In a well-publicised war for scarce tech talent, they adorned their offices with rock climbing walls, offered free drinks and meals, and hosted frequent staff parties.
‘Uncharacteristic move’
“It’s a really uncharacteristic move by Atlassian,” said one employee of the changed employee appraisals.
“They haven’t done anything like this before. It’s been a very chill company, vibing out, playing as a team, [and] now it’s becoming similar to Facebook, Google, Microsoft.”
Staff members who requested anonymity because Atlassian doesn’t allow employees to talk publicly, said they were delighted by the change. They predicted it would stop highly paid colleagues from slacking off work early in the afternoon and encourage them to help Atlassian rival the truly massive US technology firms it competes against.
“The fact that people were doing two hours of work and socialising all day was a zero interest rate phenomenon,” said the employee, who noted there were many other hard-charging Atlassian workers.
Other Atlassian staff have been less impressed, using internal online noticeboards to express their fears that the company’s collaborative culture was at risk. It still has a separate reward scheme for helpful co-workers.
Under the changes, teams of more than 150 people at Atlassian will be expected to adhere to the ranking curve, though they can deviate if they have a good reason.
Atlassian’s global human resources boss Avani Prabhakar.
Atlassian’s global human resources boss Avani Prabhakar linked the changes to the company’s growth.
“Moving to a more differentiated system not only means better rewarding a larger group of people for exceptional performance, but it further clarifies the high bar we hold at Atlassian for the important work we do for our customers,” Ms Prabhakar said.
Atlassian’s share price is up by about a third this calendar year to $US167, but is still down more than 60 per cent from its COVID-19 stimulus and lockdown-fuelled highs of late 2021.
It made about 5 per cent of its workforce redundant earlier this year, just months after a much-publicised hiring spree.
No longer thriving
At Canva, the situation is different, with the private company resisting the urge to make lay-offs and adding employees as the firm looks to expand in the United States.
However, staff members told The Financial Review the number of people being “performance managed-out” of the organisation has noticeably increased.
One Canva employee described the performance management process as being like a scene in the George Clooney movie Up in the Air, where corporate downsizers travel the country, sacking workers with cut-throat efficiency.
They said staff met with senior managers to discuss how they had fallen down the categories, with an HR representative then reading out the next steps from a script.
These steps would involve having their responsibilities changed and progress regularly monitored.
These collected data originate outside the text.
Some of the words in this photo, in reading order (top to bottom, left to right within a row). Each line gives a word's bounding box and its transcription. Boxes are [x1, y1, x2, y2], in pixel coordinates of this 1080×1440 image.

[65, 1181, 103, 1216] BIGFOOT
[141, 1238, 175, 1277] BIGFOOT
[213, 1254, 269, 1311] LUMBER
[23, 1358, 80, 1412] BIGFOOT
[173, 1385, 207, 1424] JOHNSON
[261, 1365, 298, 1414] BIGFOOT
Canva disputes this characterisation of its methods, particularly the use of a script, insisting that staff were only let go after regular feedback and support.
The number of people leaving through the performance management process has recently increased, but the firm had concurrently increased its headcount from 2700 to 3700 in the past year.
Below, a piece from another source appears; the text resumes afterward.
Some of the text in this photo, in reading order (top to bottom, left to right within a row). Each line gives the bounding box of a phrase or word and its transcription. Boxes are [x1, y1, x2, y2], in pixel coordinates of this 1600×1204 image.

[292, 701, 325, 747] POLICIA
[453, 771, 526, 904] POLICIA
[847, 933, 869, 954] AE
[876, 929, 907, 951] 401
Performance management programs that regularly cut underperforming employees have become popular among Silicon Valley tech giants, borrowing HR practices like “stack ranking”, pioneered by General Electric CEO Jack Welch in the 1980s.
At Amazon, founder Jeff Bezos built an HR program that puts about 10 to 15 per cent of its employees every year through a “PIP” (performance improvement plan). Employees rarely survive the multi-month PIP process, meaning Amazon cuts about a tenth of its headcount annually.